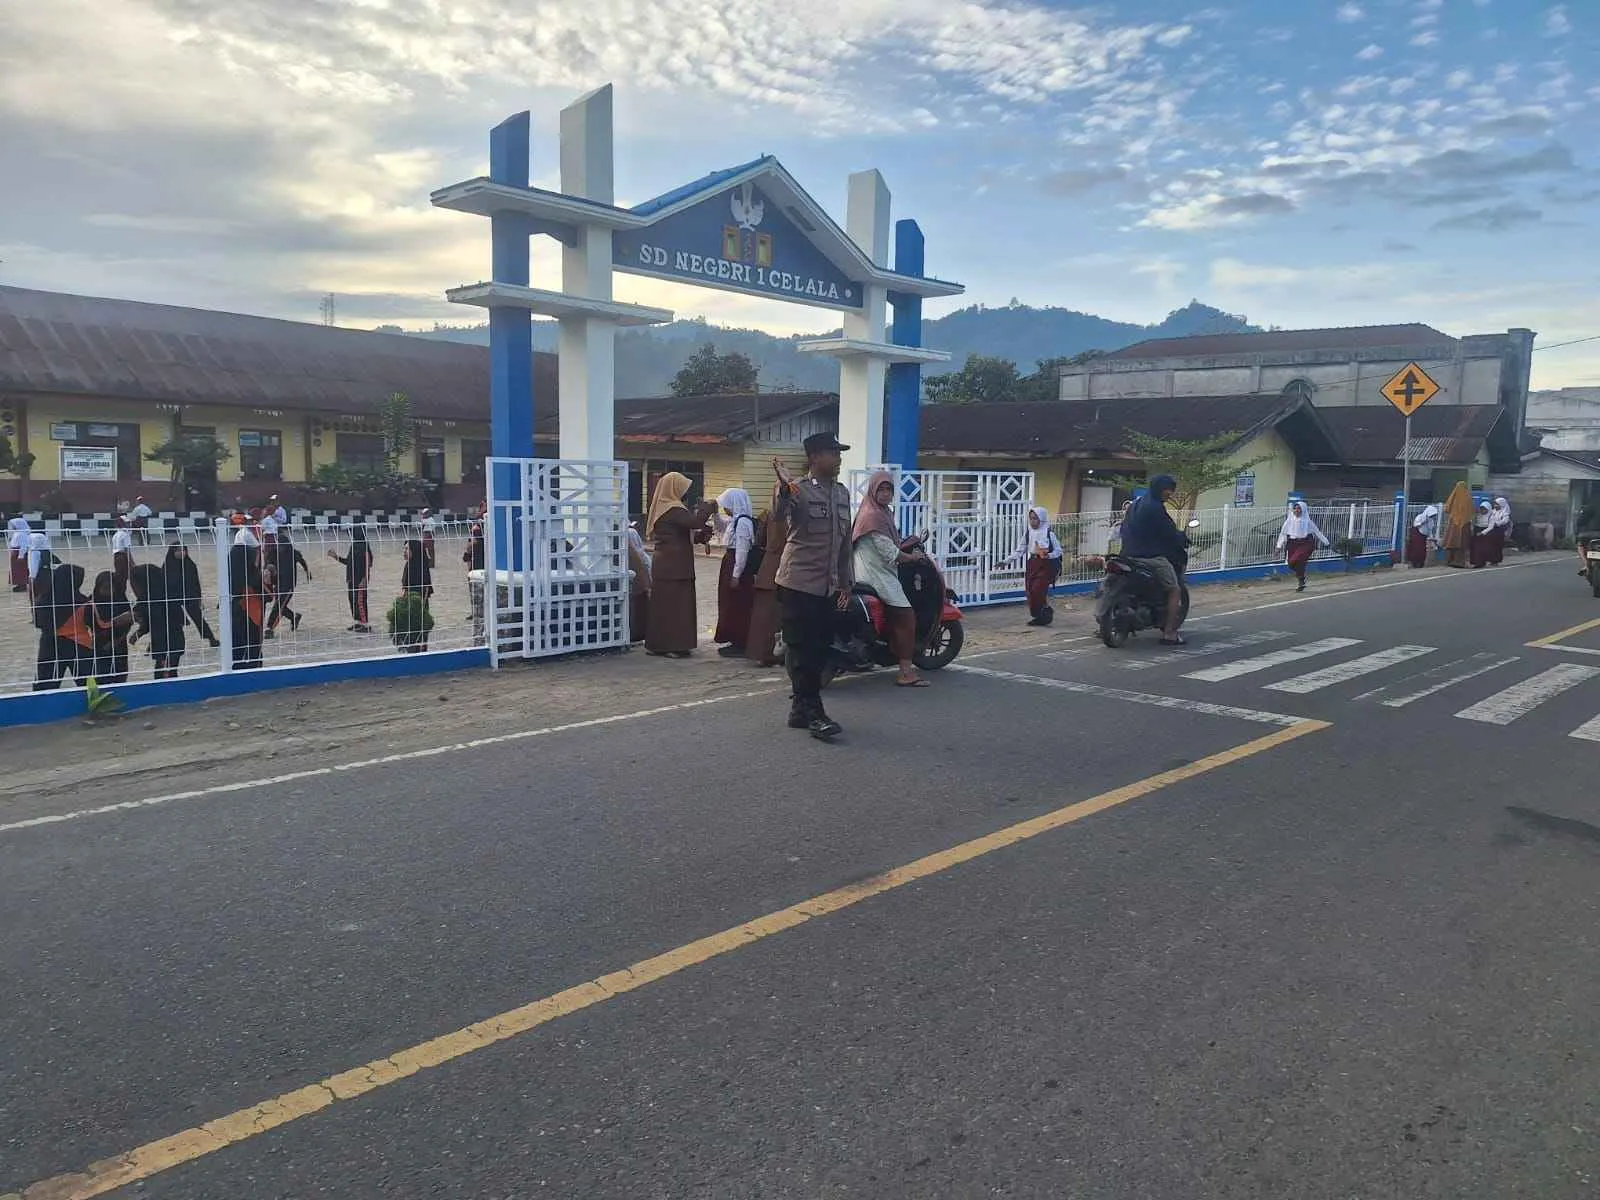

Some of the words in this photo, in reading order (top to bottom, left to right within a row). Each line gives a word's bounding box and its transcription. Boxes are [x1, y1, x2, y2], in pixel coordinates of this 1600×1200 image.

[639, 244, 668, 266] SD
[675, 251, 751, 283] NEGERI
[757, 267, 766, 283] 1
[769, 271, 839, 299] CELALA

Activity — All the records above need to be given again word for word. Skip the pictures.

Exercise answer —
Some of the words in this photo, in reading order (top to bottom, left to right within a row). Each line gives a word's bounding box and its transcription. Boxes are [x1, y1, x2, y2], in pixel coordinates of this 1600×1200 image.

[639, 244, 668, 266] SD
[675, 251, 751, 283] NEGERI
[757, 267, 766, 283] 1
[769, 271, 839, 299] CELALA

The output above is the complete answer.